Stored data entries
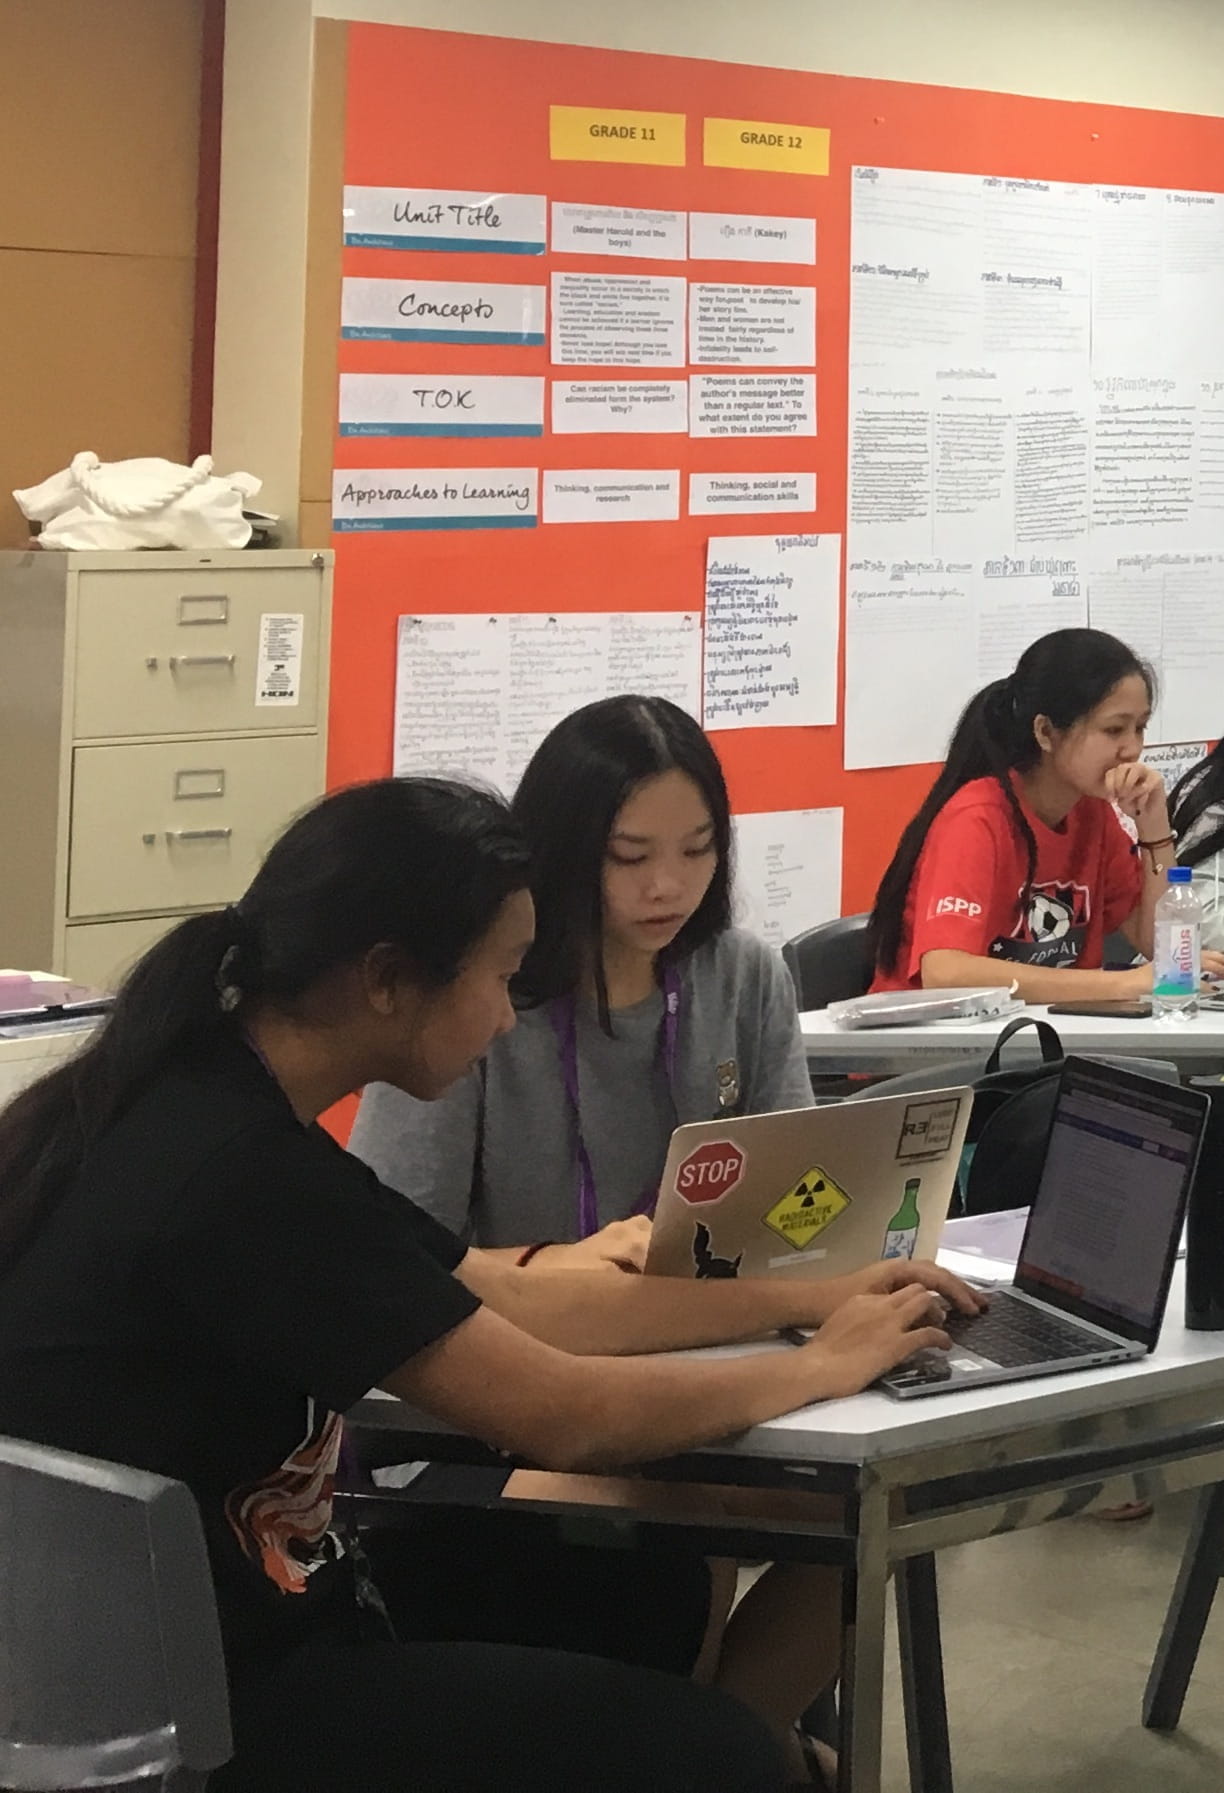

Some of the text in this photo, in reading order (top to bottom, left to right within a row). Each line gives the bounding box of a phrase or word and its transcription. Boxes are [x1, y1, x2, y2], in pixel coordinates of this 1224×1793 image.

[590, 124, 655, 140] GRADE 11
[740, 132, 802, 149] GRADE 12
[393, 201, 501, 227] Unit Title
[607, 228, 634, 236] Harold
[636, 229, 651, 237] and
[754, 228, 787, 240] (Kakey)
[608, 239, 631, 248] boys)
[398, 293, 493, 322] Concepts
[702, 377, 736, 385] "Poems
[757, 378, 788, 387] convey
[790, 377, 804, 385] the
[629, 385, 670, 393] completely
[701, 389, 805, 399] author's message better
[611, 406, 632, 414] Why?
[704, 402, 724, 410] than
[734, 401, 764, 411] regular
[792, 400, 802, 408] To
[699, 413, 807, 423] what extent do you agree
[710, 424, 797, 433] with this statement?
[593, 483, 653, 492] communication
[710, 480, 797, 491] Thinking, social and
[340, 483, 530, 511] Approaches to Learning
[706, 492, 799, 502] communication skills
[936, 896, 982, 916] ISPP
[680, 1158, 739, 1187] STOP
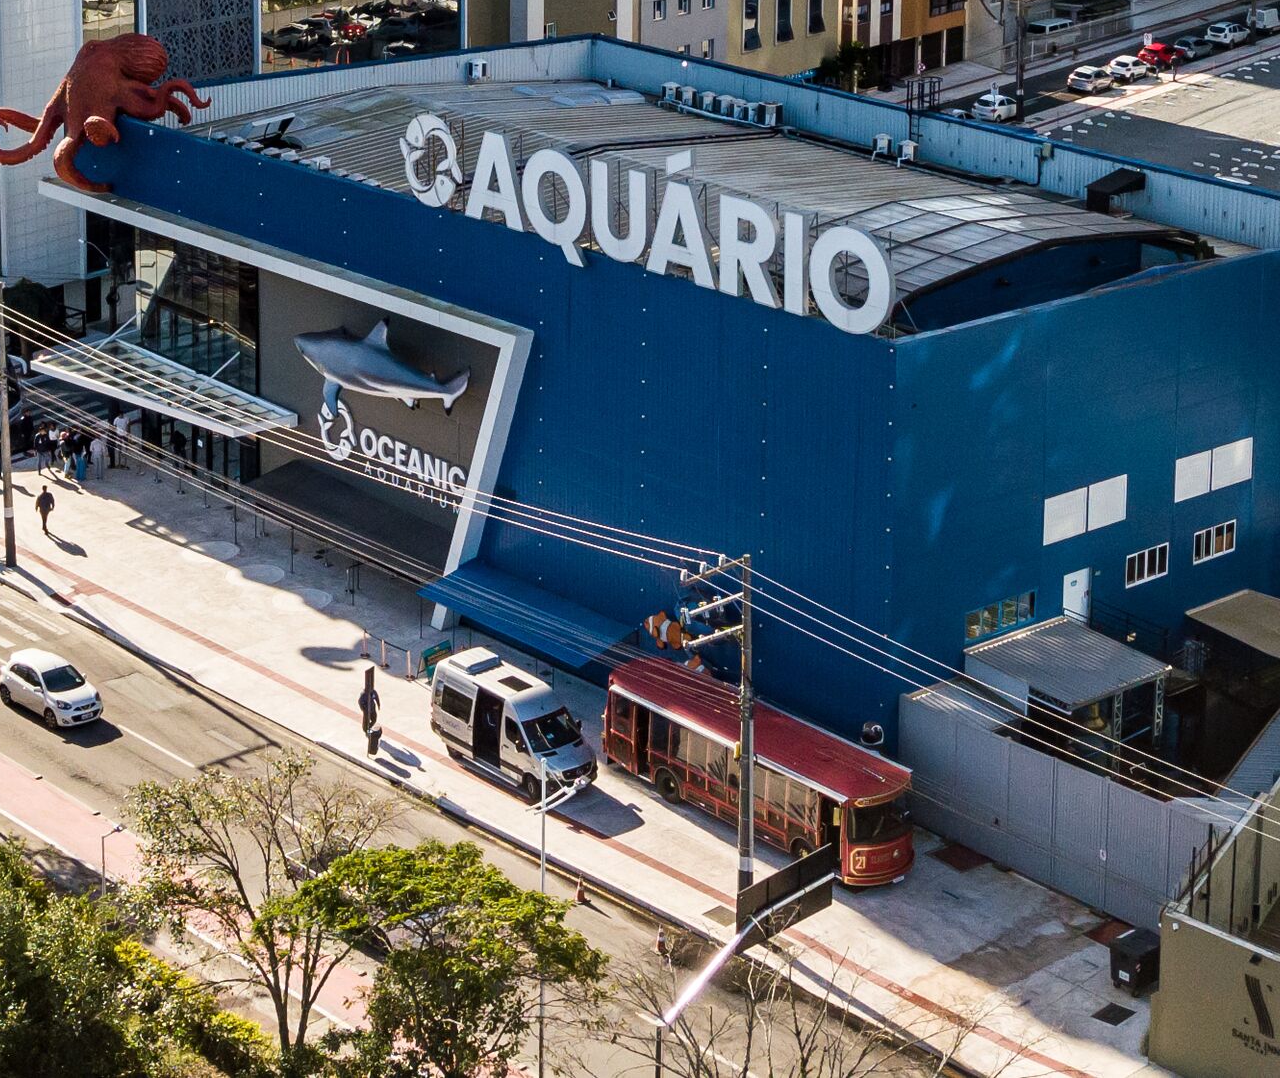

**Task objective**
Write out the data above in full and exactly, but without the pictures.

**Answer section**
Some of the text in this photo, in reading order (top to bottom, left to right within a row). Each line gives the bounding box of a phrase or word and its transcription. Boxes are [x1, y1, x2, y2], in pixel coordinates of this 1224×1793 image.

[590, 124, 655, 140] GRADE 11
[740, 132, 802, 149] GRADE 12
[393, 201, 501, 227] Unit Title
[607, 228, 634, 236] Harold
[636, 229, 651, 237] and
[754, 228, 787, 240] (Kakey)
[608, 239, 631, 248] boys)
[398, 293, 493, 322] Concepts
[702, 377, 736, 385] "Poems
[757, 378, 788, 387] convey
[790, 377, 804, 385] the
[629, 385, 670, 393] completely
[701, 389, 805, 399] author's message better
[611, 406, 632, 414] Why?
[704, 402, 724, 410] than
[734, 401, 764, 411] regular
[792, 400, 802, 408] To
[699, 413, 807, 423] what extent do you agree
[710, 424, 797, 433] with this statement?
[593, 483, 653, 492] communication
[710, 480, 797, 491] Thinking, social and
[340, 483, 530, 511] Approaches to Learning
[706, 492, 799, 502] communication skills
[936, 896, 982, 916] ISPP
[680, 1158, 739, 1187] STOP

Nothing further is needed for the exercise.